The first thin, smokelike tendrils had just begun to drift from Jenny’s eyes and mouth and nose, obscuring her features from a distance. She stood speaking with Mrs. Grey, the postmistress, entirely unaware of the process occurring within her, oblivious to the fate only Wilhelmina could detect. Within a day or two, Jenny Bright would be dead. Within hours, it would look, to Wil, as if she walked within a cloud of fog, blanketed in the shroud of her own departing soul.
How human spirits sensed when death was in the offing, Wil couldn’t say. She only knew that they did.
Catching sight of Wil, Jenny pointedly turned aside. She was pretty in a faded, careworn fashion and had been a friend of Wil’s mother. Wil tried not to let the snub sting and carried on down the road. Her deathsense had earned her no friends among the villagers—they viewed her at best as an unknown who ought to be kept at arm’s length, and at worst as an object of suspicion and scorn. Wil knew better than to stop or speak to Jenny now, for if she did, the hollow guilt gnawing at her insides might get the better of her. She might try to offer a warning, and it never went well when she did. Three times now, she’d tried to say something, anything, that might ward off an impending death. It had never done any good, in every case casting a terrible shadow over the doomed party’s last day and stirring up ill feelings and bitterness toward Wil in those they left behind. Wil half believed the deaths she foresaw were a matter of destiny—that once a soul began its departure, it could not be halted. She’d certainly never succeeded in arresting one as it drifted off to the haunted halfway place some spirits inhabited.
Even late spring in Thrush’s Green was not enough to dissipate the gloom that foreseeing Jenny Bright’s fate had cast over Wil. She walked onward, out of the village proper and down a quiet country lane, before slipping through a gap in the hedgerow. Beyond it lay a beech wood, where Wil waded through a sea of ferny undergrowth, the air a glory of shifting golden-green light. The woods that fringed the village’s old millpond were redolent with birdsong and warm breezes, the ground soft beneath Wil’s sensible galoshes, and she thought how unlikely it all seemed. How impossible, even, that within earshot of this lovely place, her own mother had met her end and Wil’s uneasy bond with the dead and dying had begun, brought about in some inexplicable way by her mother’s passing.

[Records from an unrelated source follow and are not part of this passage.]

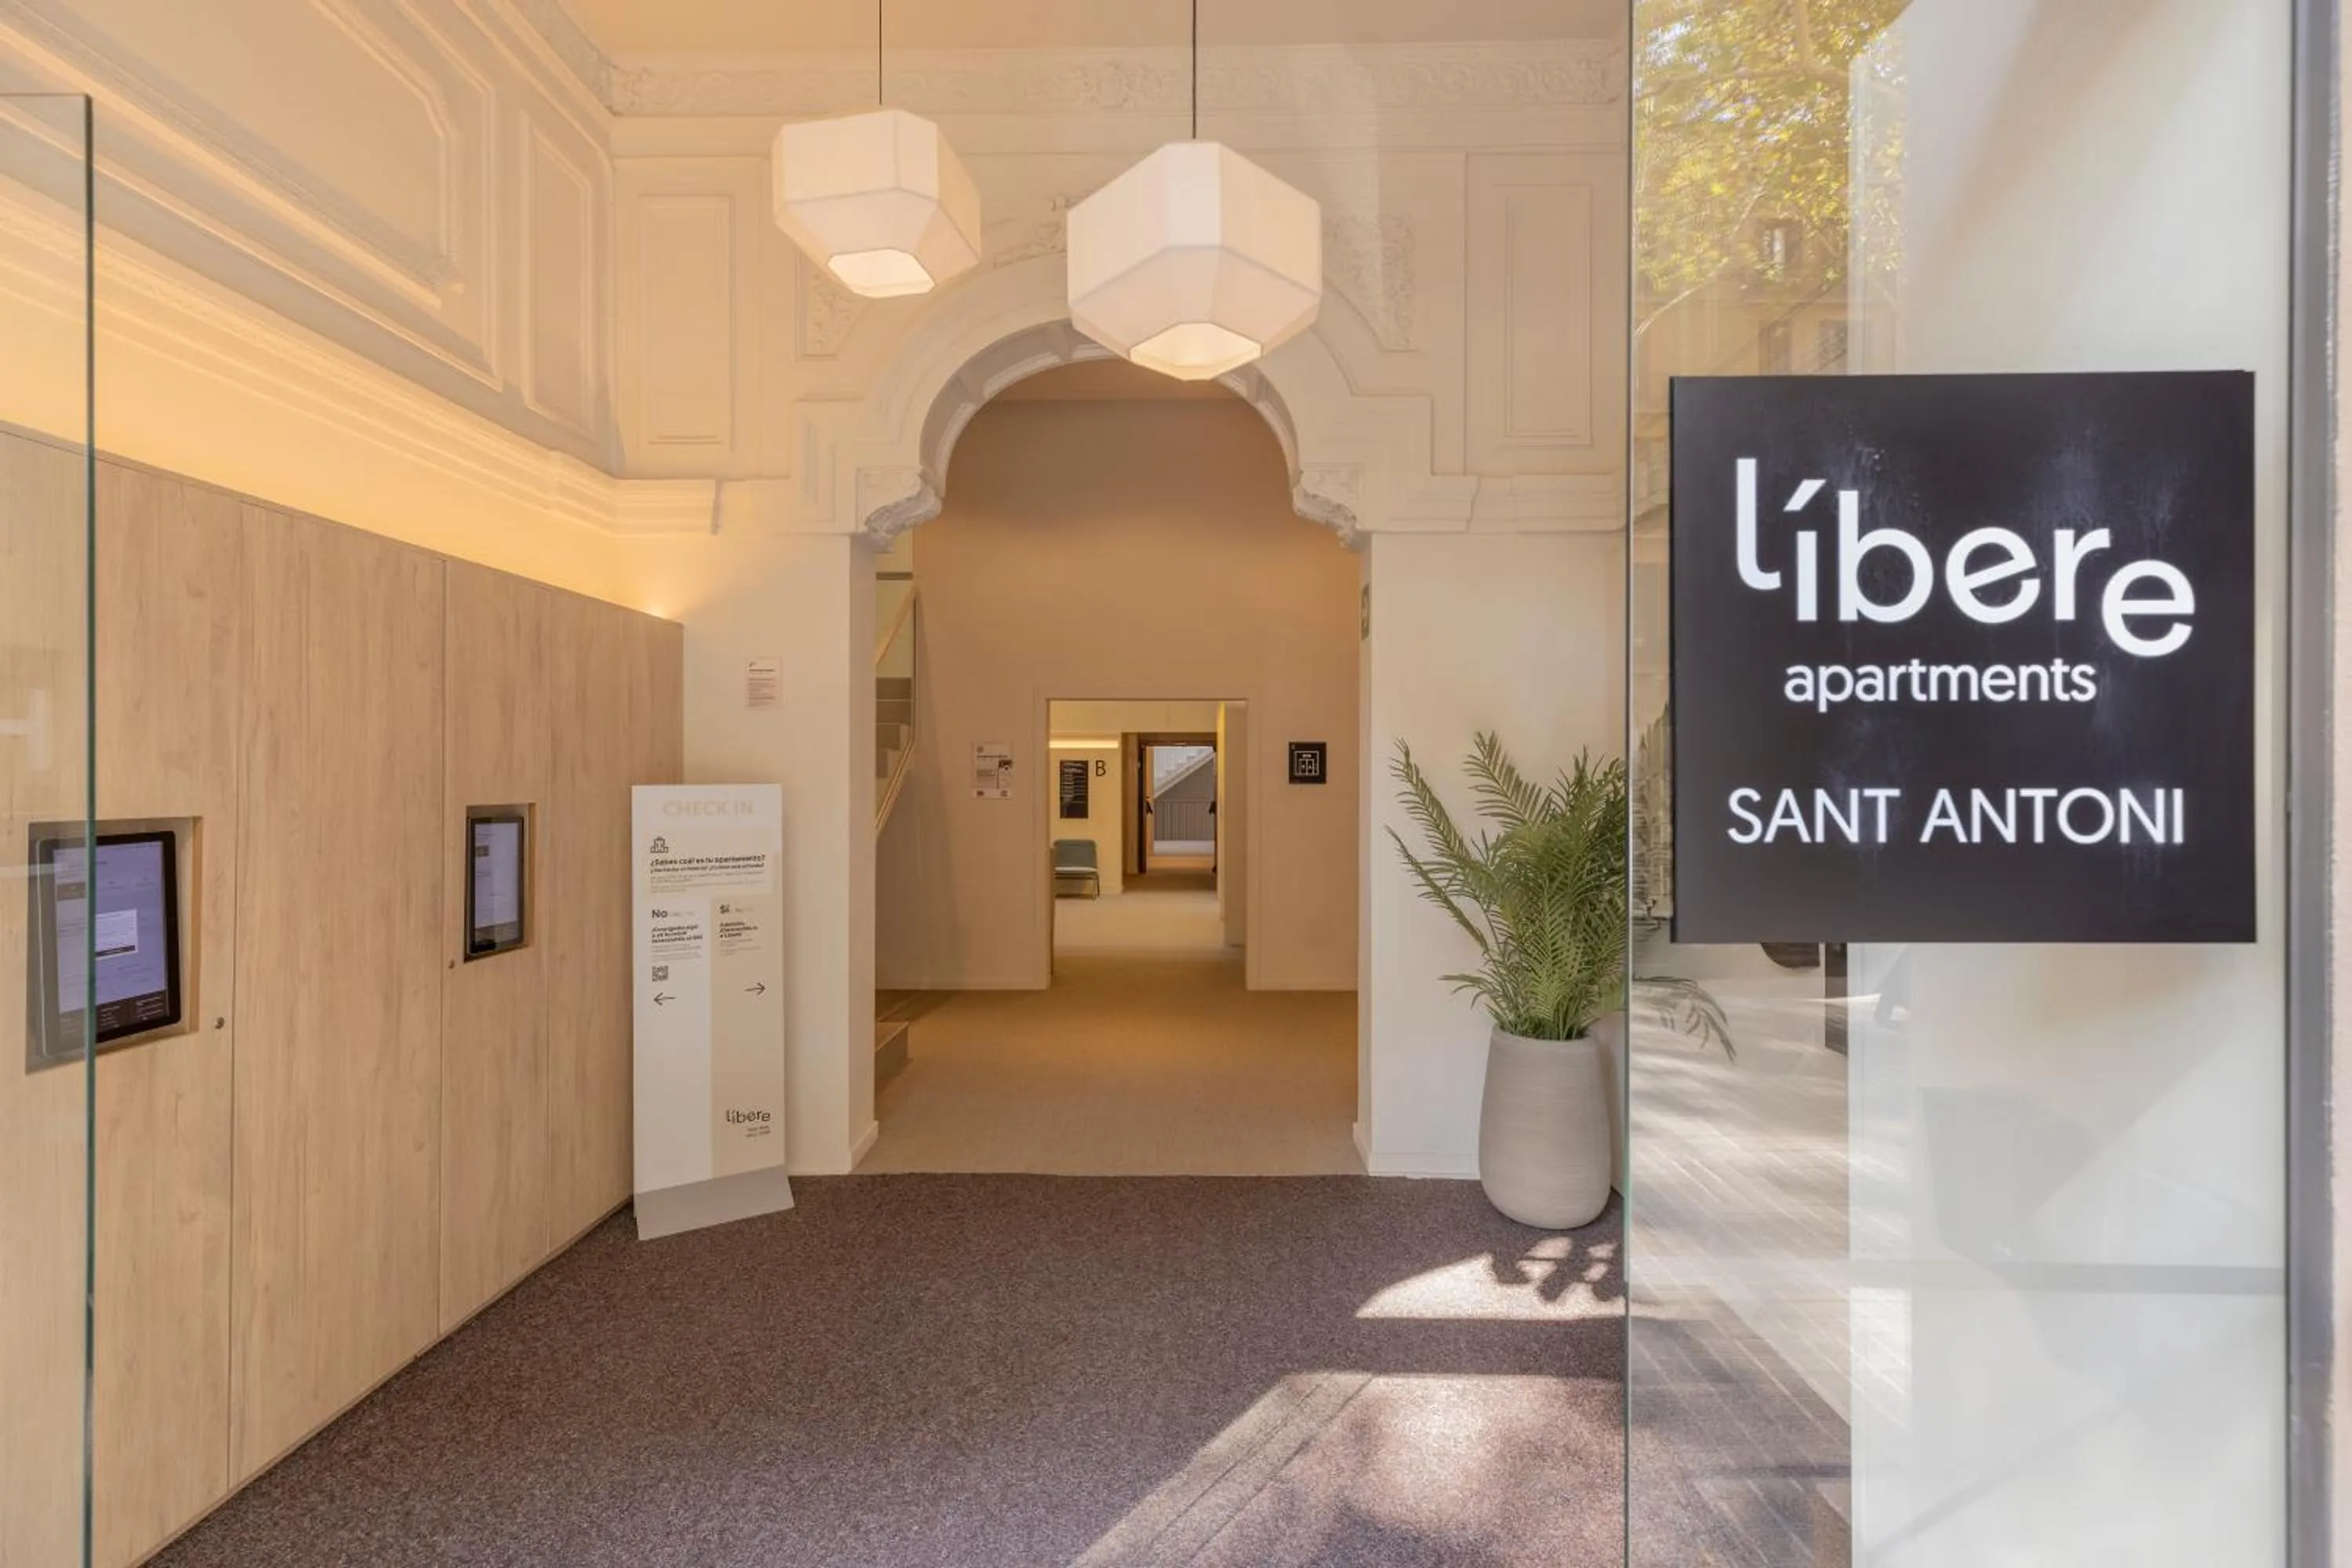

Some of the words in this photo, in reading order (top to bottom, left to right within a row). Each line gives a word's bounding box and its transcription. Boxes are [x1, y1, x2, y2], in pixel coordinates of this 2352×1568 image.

[1737, 458, 2196, 657] líbere
[1784, 657, 2096, 712] apartments
[1095, 760, 1106, 777] B
[662, 800, 728, 817] CHECK
[733, 799, 754, 816] IN
[1728, 788, 1900, 843] SANT
[1921, 788, 2183, 844] ANTONI
[652, 909, 668, 918] No

Letting out a slow breath, she squared her shoulders and tried to shake off her melancholy. Today, at least, was for the living.
As if to confirm the sentiment, the clarion song of a train whistle rang out, signaling the earliest stop at Thrush’s Halt. Reaching the edge of a clearing carpeted with fading bluebells, Wil spread a blanket over the damp ground and settled herself to wait. She smoothed her handed-down, made-over skirt, ran careless fingers through her mop of sunny curls, and attempted to calm the nervous wings fluttering to life in her stomach. It was foolish to be anxious over this, and yet she was, every time. She always thought, deep down, that perhaps he wouldn’t come. Perhaps he’d finally realized how very unlikely their long friendship was and decided to leave it behind, along with the rest of childhood’s outgrown objects and pastimes.
“Hello,” a surprised voice said from the edge of the clearing. “You’ve gone and cut off your hair. The new fashion rather suits you.”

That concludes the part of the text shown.